Demand for space in U.S. shopping centers slowed in the third quarter as economic growth was reduced by stalled consumer spending, Reis Inc. said today.
Occupancies at neighborhood and community shopping centers rose by a net 1.46 million square feet (135,000 square meters), the smallest quarterly increase in a year, according to the New York-based real estate research firm. The gain in so-called net absorptions compared with an increase of 2.18 million square feet in the previous three months, and was the smallest since 840,000 square feet were added in the third quarter of 2011.
Retail landlords are being hurt by a standstill in consumer spending, which accounts for about 70 percent of the economy. It rose 0.1 percent in August, after adjusting for inflation, following a 0.4 percent gain in July, according to the Commerce Department. U.S. gross domestic product grew 1.3 percent in the second quarter, half the average rate in the past 20 years.
“People aren’t really spending a lot of money unless they have to,” Ryan Severino, a Reis senior economist, said in a telephone interview. “You’re still seeing kind of a tug of war between store openings and store closings right now.”

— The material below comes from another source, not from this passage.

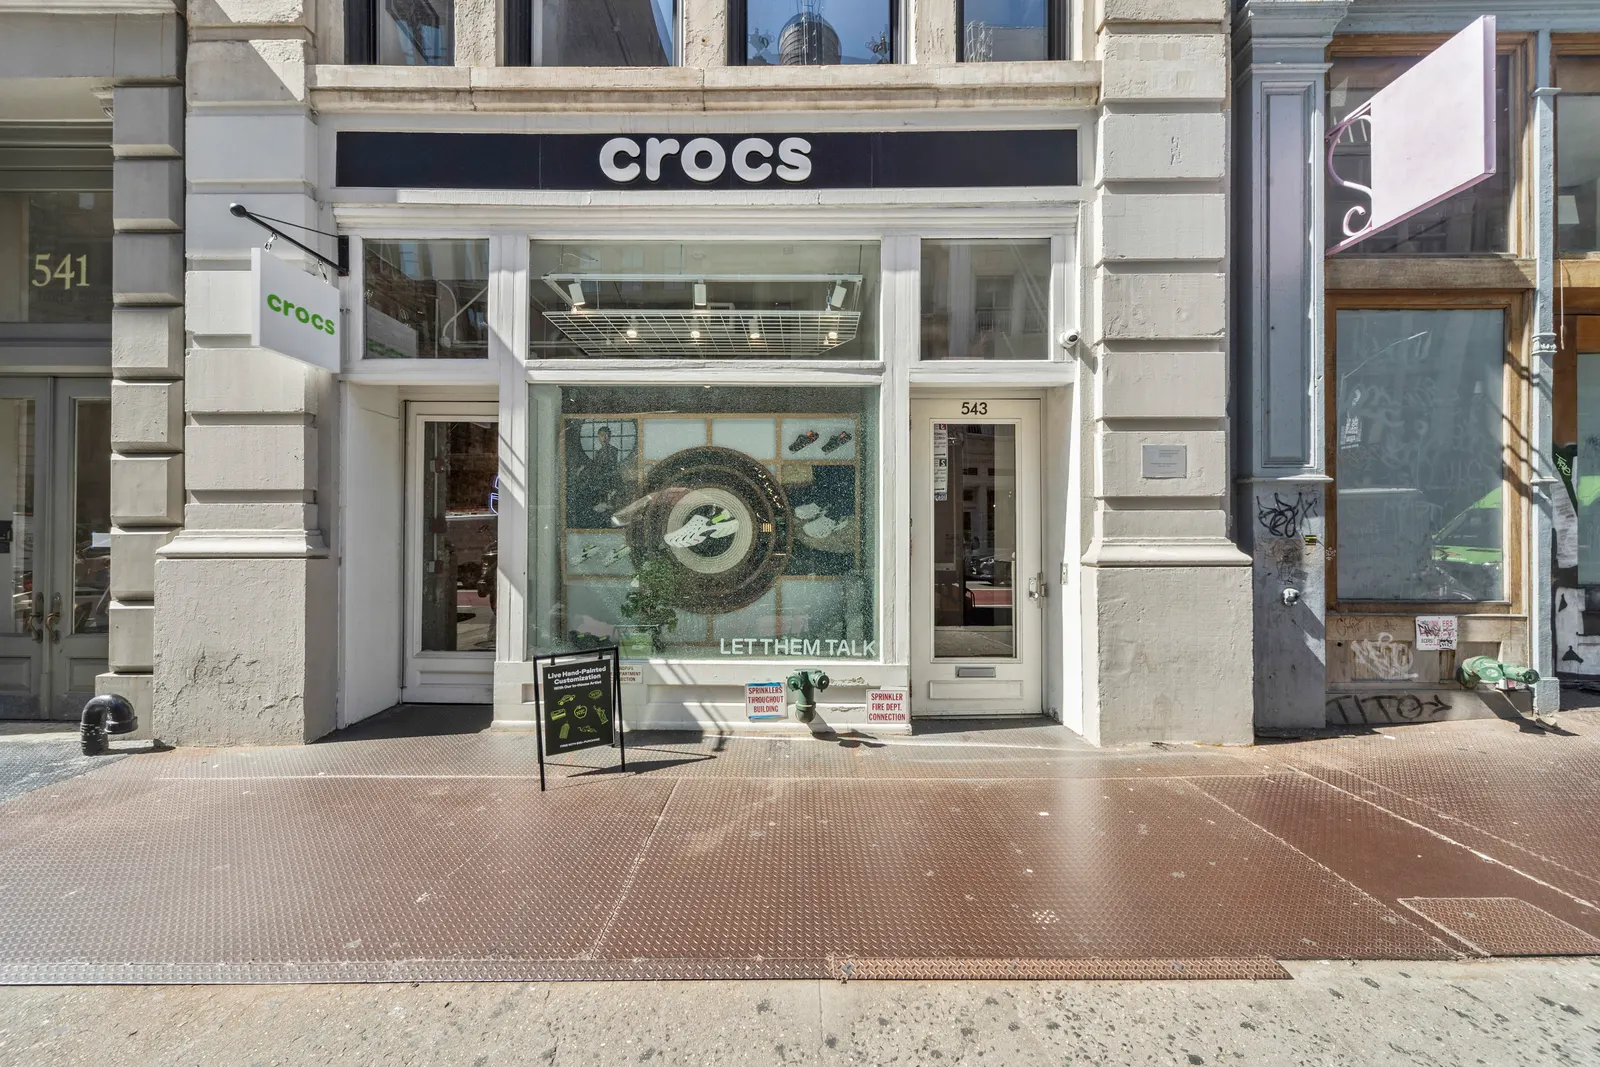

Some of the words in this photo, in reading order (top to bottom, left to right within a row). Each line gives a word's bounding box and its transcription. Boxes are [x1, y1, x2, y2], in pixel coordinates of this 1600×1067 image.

The vacancy rate at neighborhood and community retail centers was 10.8 percent for a second straight quarter. It was 11 percent in the third quarter of 2011, matching a 12-year high reached at the end of 2010. About 569,000 square feet of new space came online in the three months ended Sept. 30, the second-lowest quarterly figure in Reis records dating to 1999.
Asking rents rose to an average of $19.05 a square foot from $18.97 a year earlier, Reis said. Effective rents, or what’s paid after any landlord discounts, averaged $16.57 a square foot, up from $16.49 a year earlier.
At regional malls, which typically include department stores and are larger than neighborhood and community centers, vacancies fell to 8.7 percent in the third quarter from 9.4 percent a year earlier, and asking rents rose to $39.24 a square foot from $38.81.